[Dataset entries]
*-*-*

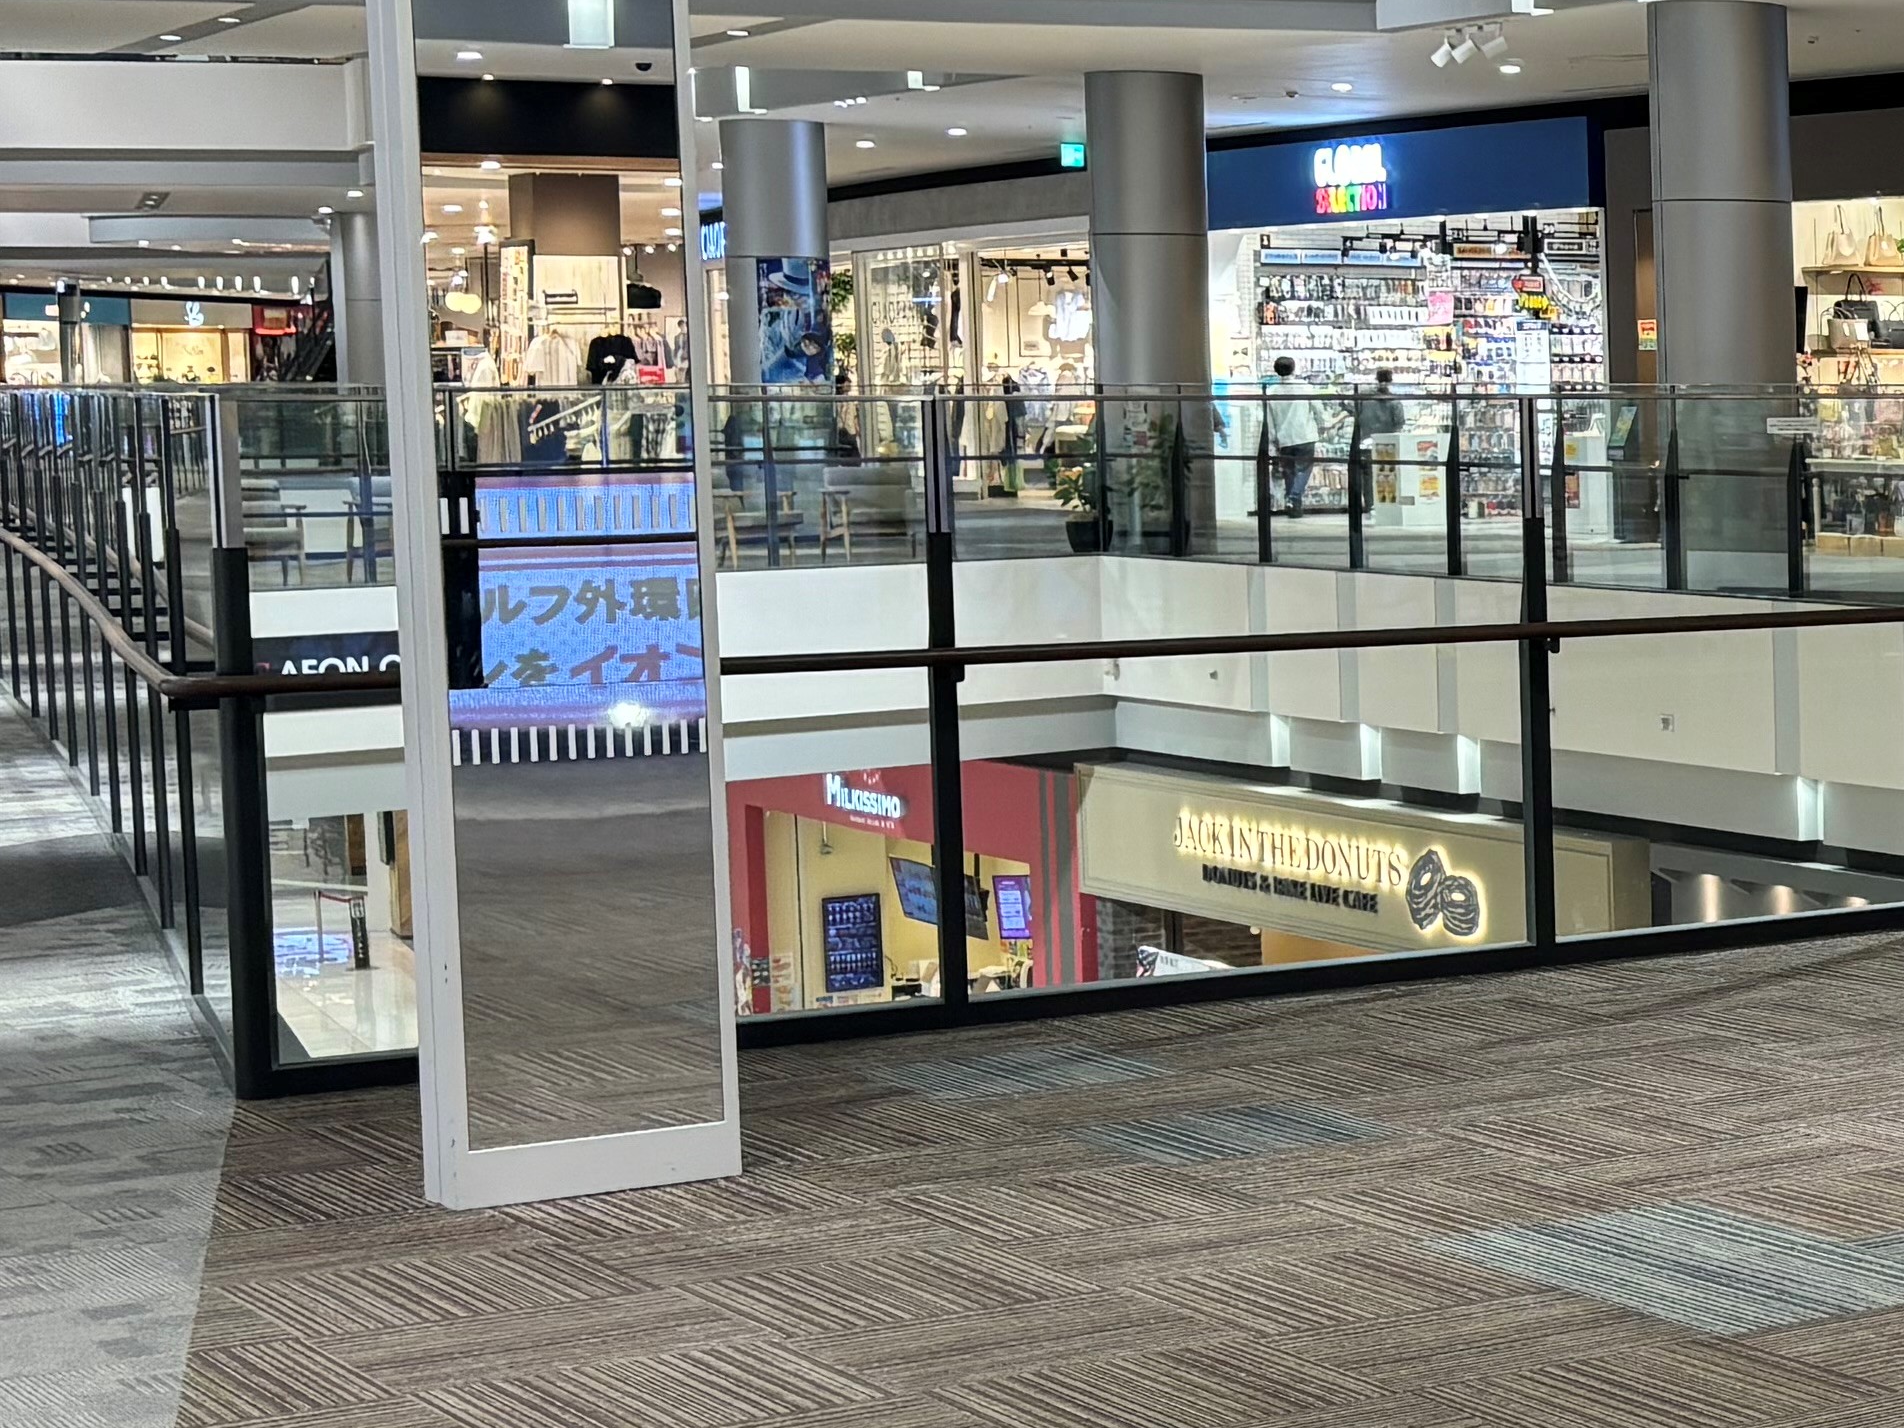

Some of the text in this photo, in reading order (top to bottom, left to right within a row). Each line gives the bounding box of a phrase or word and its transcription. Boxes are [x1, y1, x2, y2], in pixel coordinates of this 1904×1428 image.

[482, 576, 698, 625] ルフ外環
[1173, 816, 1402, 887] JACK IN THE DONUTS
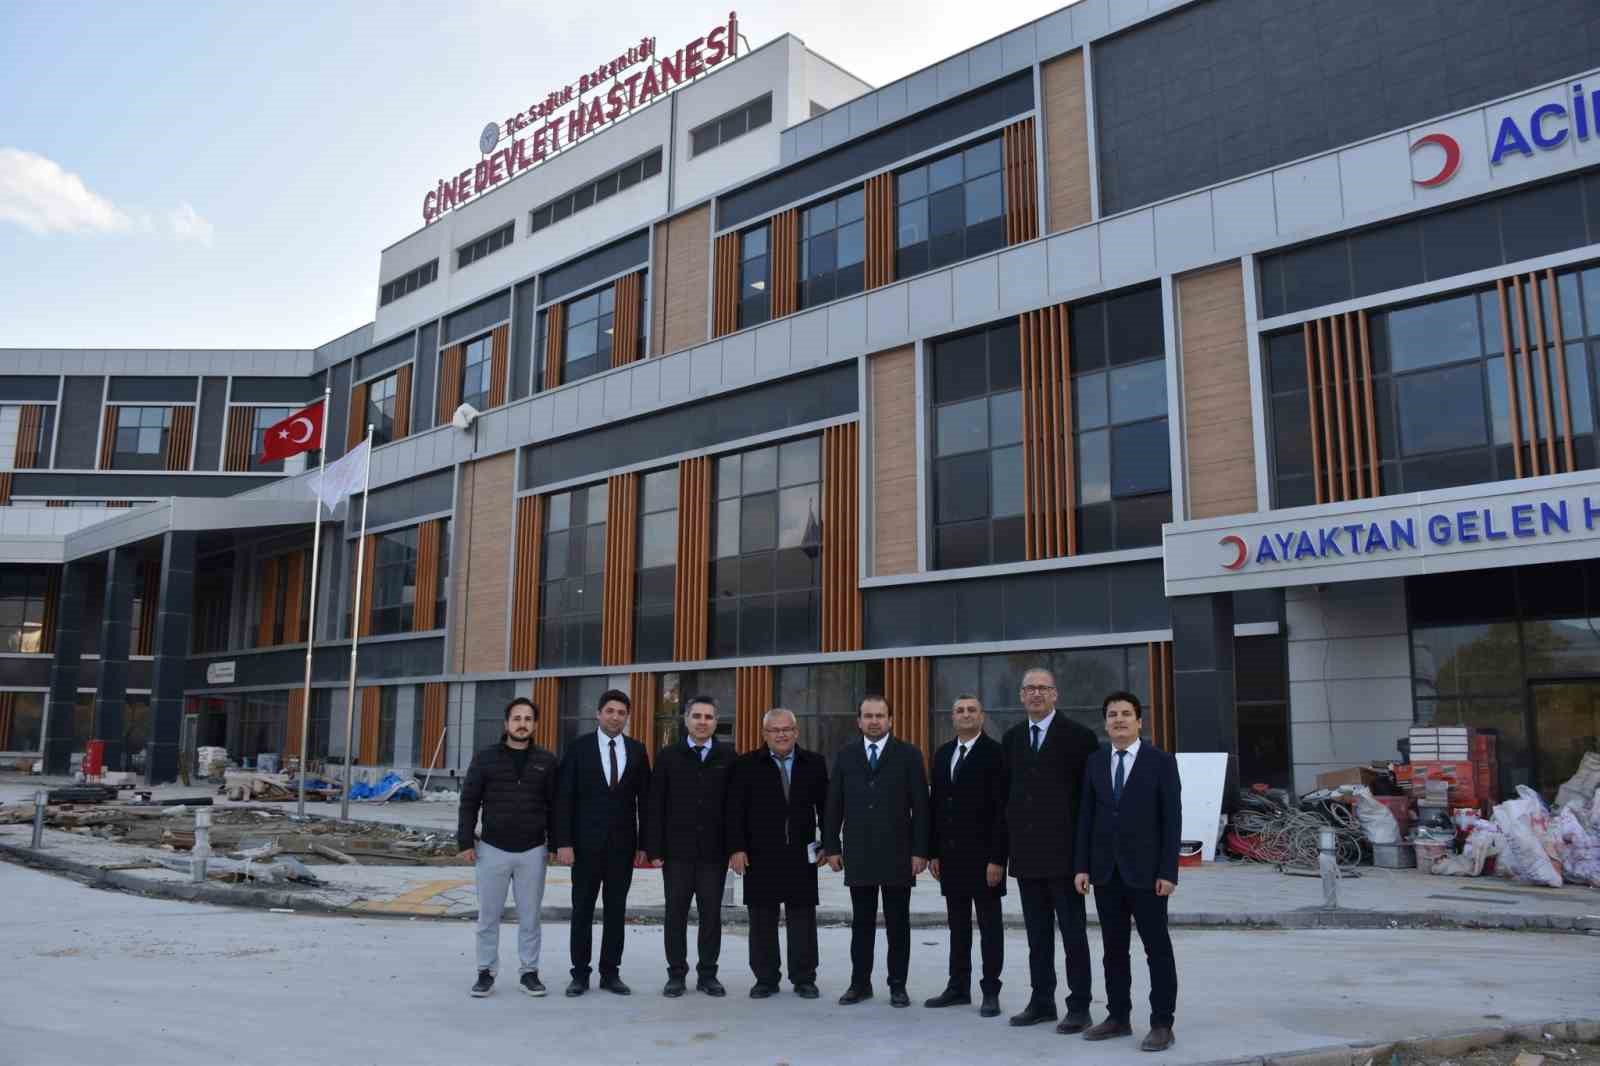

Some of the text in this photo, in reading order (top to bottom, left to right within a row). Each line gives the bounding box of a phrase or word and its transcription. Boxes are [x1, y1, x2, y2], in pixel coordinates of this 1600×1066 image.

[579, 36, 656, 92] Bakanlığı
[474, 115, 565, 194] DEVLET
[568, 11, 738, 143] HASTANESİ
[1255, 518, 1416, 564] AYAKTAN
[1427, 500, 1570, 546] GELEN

*-*-*

● **Task description**:
Across all the lines above, repeat the wording exactly and omit the pictures.

● **Answer to this problem**:
Some of the text in this photo, in reading order (top to bottom, left to right within a row). Each line gives the bounding box of a phrase or word and its transcription. Boxes are [x1, y1, x2, y2], in pixel coordinates of this 1904×1428 image.

[482, 576, 698, 625] ルフ外環
[1173, 816, 1402, 887] JACK IN THE DONUTS

Some of the text in this photo, in reading order (top to bottom, left to right within a row). Each line gives the bounding box of a phrase or word and its transcription. Boxes are [x1, y1, x2, y2], in pixel coordinates of this 1600×1066 image.

[579, 36, 656, 92] Bakanlığı
[474, 115, 565, 194] DEVLET
[568, 11, 738, 143] HASTANESİ
[1255, 518, 1416, 564] AYAKTAN
[1427, 500, 1570, 546] GELEN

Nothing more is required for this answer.